Increasing Throughput with Automated Liquid Handling

  • Direct Dilution Strategies

    Toby Winchester, an application consultant for Titian Software, discussed his firm’s Mosaic Sample Management Software suite, which can be integrated both with standalone instruments and with integrated systems such as the Labcyte® POD™ (an automated plate handler), according to Winchester, who discussed the pros and cons of these various integration approaches (such as time to develop the software versus expertise necessary to run the process).

    In particular, he noted that Mosaic offers the options of offline and online full integration—depending on the variability of the processes being controlled.

    Offline integration is ideal for processes that are subject to frequent change (such as in an assay development environment), whereas online full integration is ideal for more developed processes not needing as high an expertise to run (as in support of safety studies).

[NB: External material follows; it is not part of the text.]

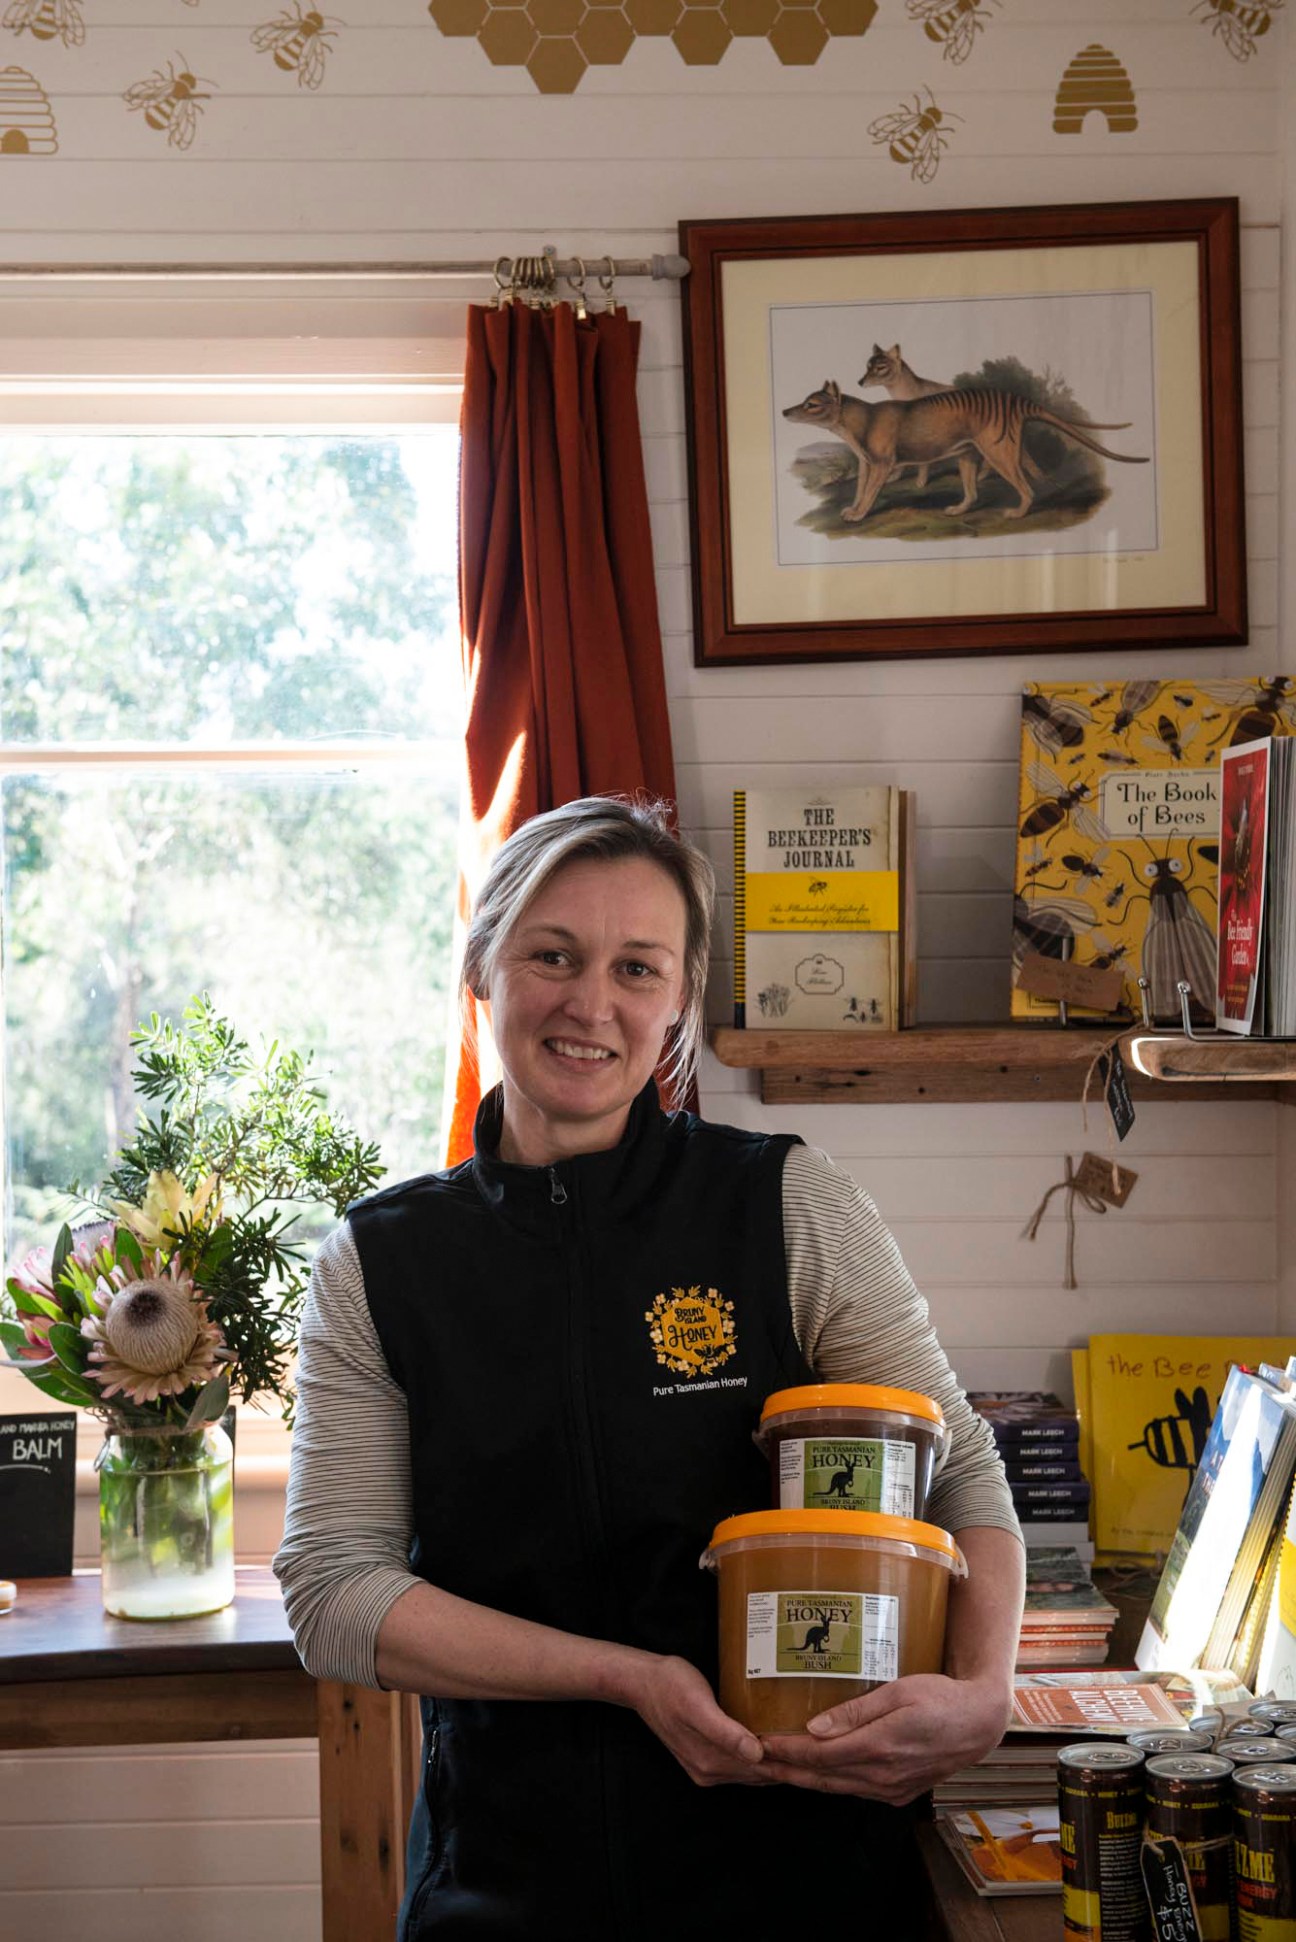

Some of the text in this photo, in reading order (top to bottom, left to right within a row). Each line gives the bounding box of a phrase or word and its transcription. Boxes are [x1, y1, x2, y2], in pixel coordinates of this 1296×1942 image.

Online integration is also appropriate for processes that support more complex platforms such as Agilent’s BioCels.

    With Mosaic, a workflow is requested and machine control scripts and commands are automatically generated, so the setup of each run takes just moments. Mosaic interfaces with the liquid handlers to obtain feedback about run results, and automatically records information about inventory changes and workflow progress.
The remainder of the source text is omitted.